To date, no technique has completely prevented mucositis; however, many have proven effective in reducing its severity and associated discomfort. Coconut oil, renowned for its numerous health benefits—including antimicrobial, anti-inflammatory, antifungal, anticancer properties, and its role in wound healing—has been widely recognized by researchers over the past few decades for its therapeutic potential. Due to these favourable attributes, coconut oil shows promise in preventing mucositis, alleviating discomfort, reducing trismus, and combating fungal infections during radiation therapy.
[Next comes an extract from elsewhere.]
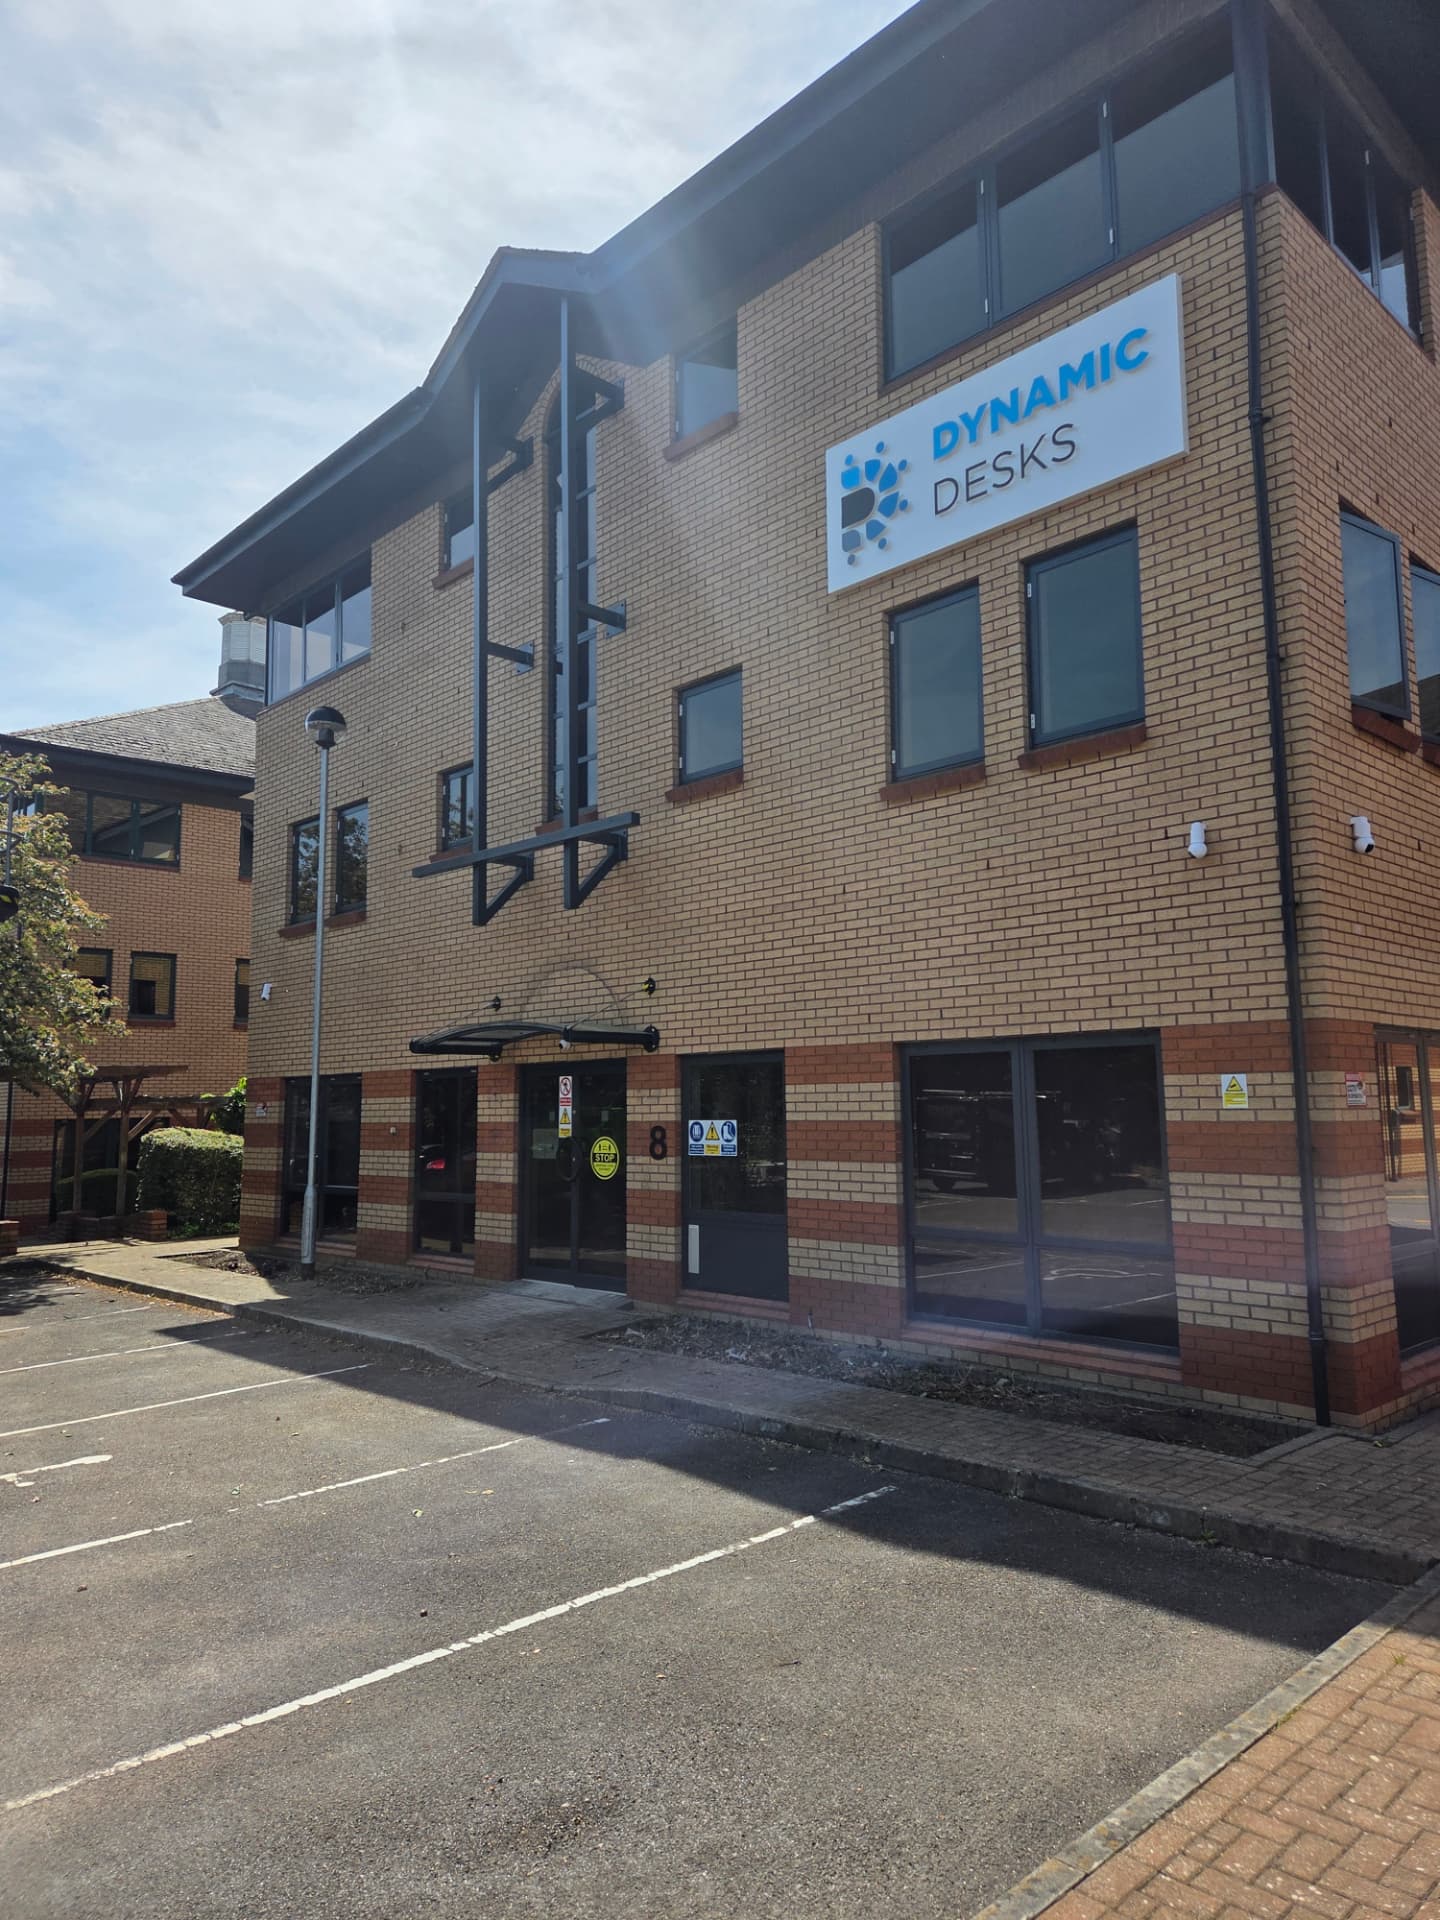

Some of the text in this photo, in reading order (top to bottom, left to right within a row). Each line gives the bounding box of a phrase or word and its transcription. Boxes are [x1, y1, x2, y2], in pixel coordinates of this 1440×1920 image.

The findings of this study align with those of Ogbolu et al., who demonstrated that at a minimum inhibitory concentration (MIC) of 25%, coconut oil exhibited 100% sensitivity in Candida species susceptibility, compared to 88% sensitivity for fluconazole. They also noted that fluconazole was more fungistatic than fungicidal, even at higher doses, while in-vitro tests showed some fungicidal activity of capric acid and lauric acid, evidenced by decreased infectivity titre [13].
Similarly, a study by Shino et al. investigated the antibacterial efficacy of probiotics, ketoconazole, coconut oil, and chlorhexidine against Candida albicans isolated from young patients with early childhood caries. The study highlighted coconut oil's antifungal effectiveness, which was found to be comparable to ketoconazole and superior to probiotics in its advanced antifungal activity against Candida albicans [14]. Additionally, Bergsson et al. demonstrated the susceptibility of Candida albicans to various fatty acids and their 1-monoglycerides [15].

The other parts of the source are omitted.